3. Installation according to claim 2, characterized in that the secondary compressors (10) are air blowers adapted to overpress a part of the air compressed by the main air compression means (3).

4. Installation according to any one of claims 1 to 3, characterized in that said expansion means (4) are turbines (4) similar to said auxiliary turbine (12).

5. Installation according to any one of claims 1 to 4, characterized in that it further comprises means (14, 16) of final compression of gaseous oxygen and / or nitrogen gas production, adapted to compress at a high production pressure oxygen and / or vaporized nitrogen (s).

6. Installation according to claim 5, characterized in that the final compression means (14) are driven by electric motors themselves driven by said alternator (13).

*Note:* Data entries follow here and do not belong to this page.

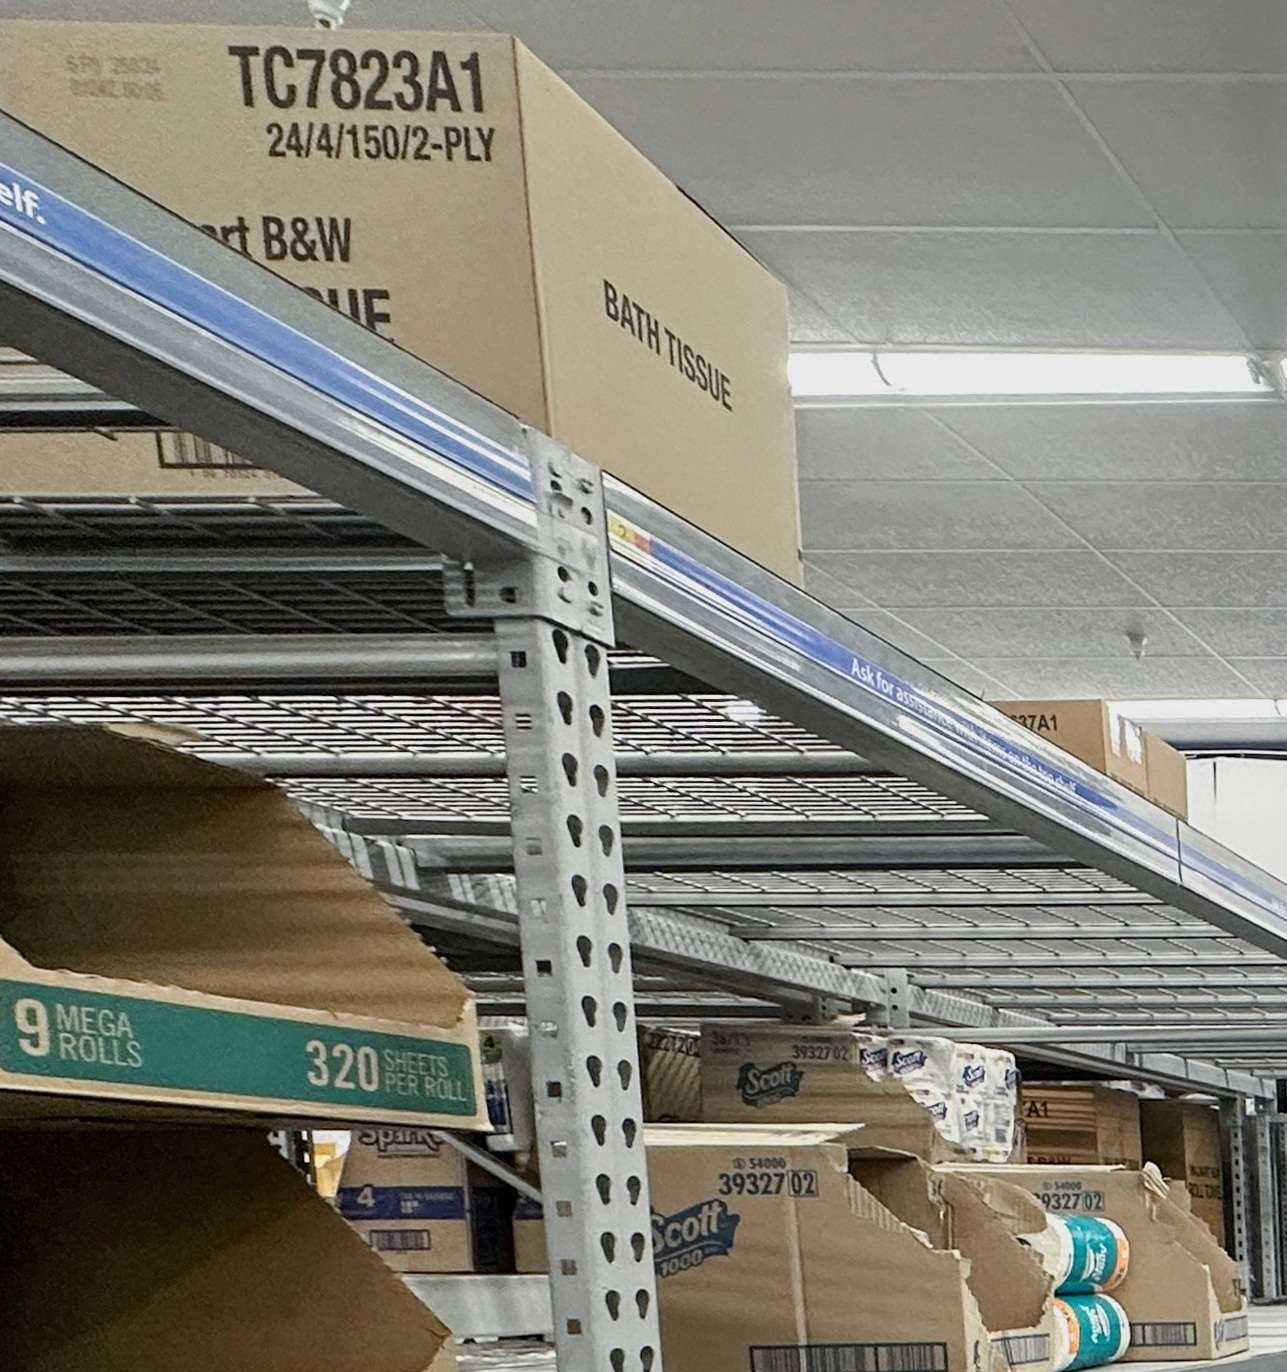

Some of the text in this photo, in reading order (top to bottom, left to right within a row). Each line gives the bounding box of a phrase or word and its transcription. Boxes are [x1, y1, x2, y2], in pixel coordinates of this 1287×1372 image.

[228, 45, 485, 113] TC7823A1
[266, 122, 495, 162] 24/4/150/2-PLY
[263, 216, 351, 262] B&W
[603, 279, 732, 412] BATH TISSUE
[850, 658, 875, 688] Ask
[876, 671, 894, 696] for
[14, 998, 134, 1058] 9 MEGA
[59, 1031, 143, 1069] ROLLS
[306, 1039, 449, 1092] 320 SHEETS
[384, 1071, 467, 1102] PER ROLL
[745, 1064, 794, 1096] Scott
[357, 1184, 376, 1208] 4
[718, 1172, 815, 1196] 39327 02
[1082, 1192, 1103, 1211] 02
[652, 1200, 723, 1253] Scott
[660, 1248, 704, 1279] 1000

7. Installation according to any one of claims 1 to 6, characterized in that the supply of motors (11) with electric current is supplemented by an addition from the electric network (15), at least at certain stages of operation of installation.

8. Installation according to any one of claims 1 to 6, characterized in that the alternator (13) produces an excess of electrical energy, which is exported to the electrical network (15), at least at certain stages of operation. of the installation.

9. Installation according to any one of claims 1 to 8, characterized in that it comprises.at least one industrial unit (2), in particular a unit for the production of synthetic hydrocarbons, supplied with oxygen and / or l under high pressure.

10. Installation according to claim 9, characterized in that said expansion means (4) and said auxiliary turbine (12) are steam turbines, and in that the industrial unit (2) produces steam which feeds these steam turbines.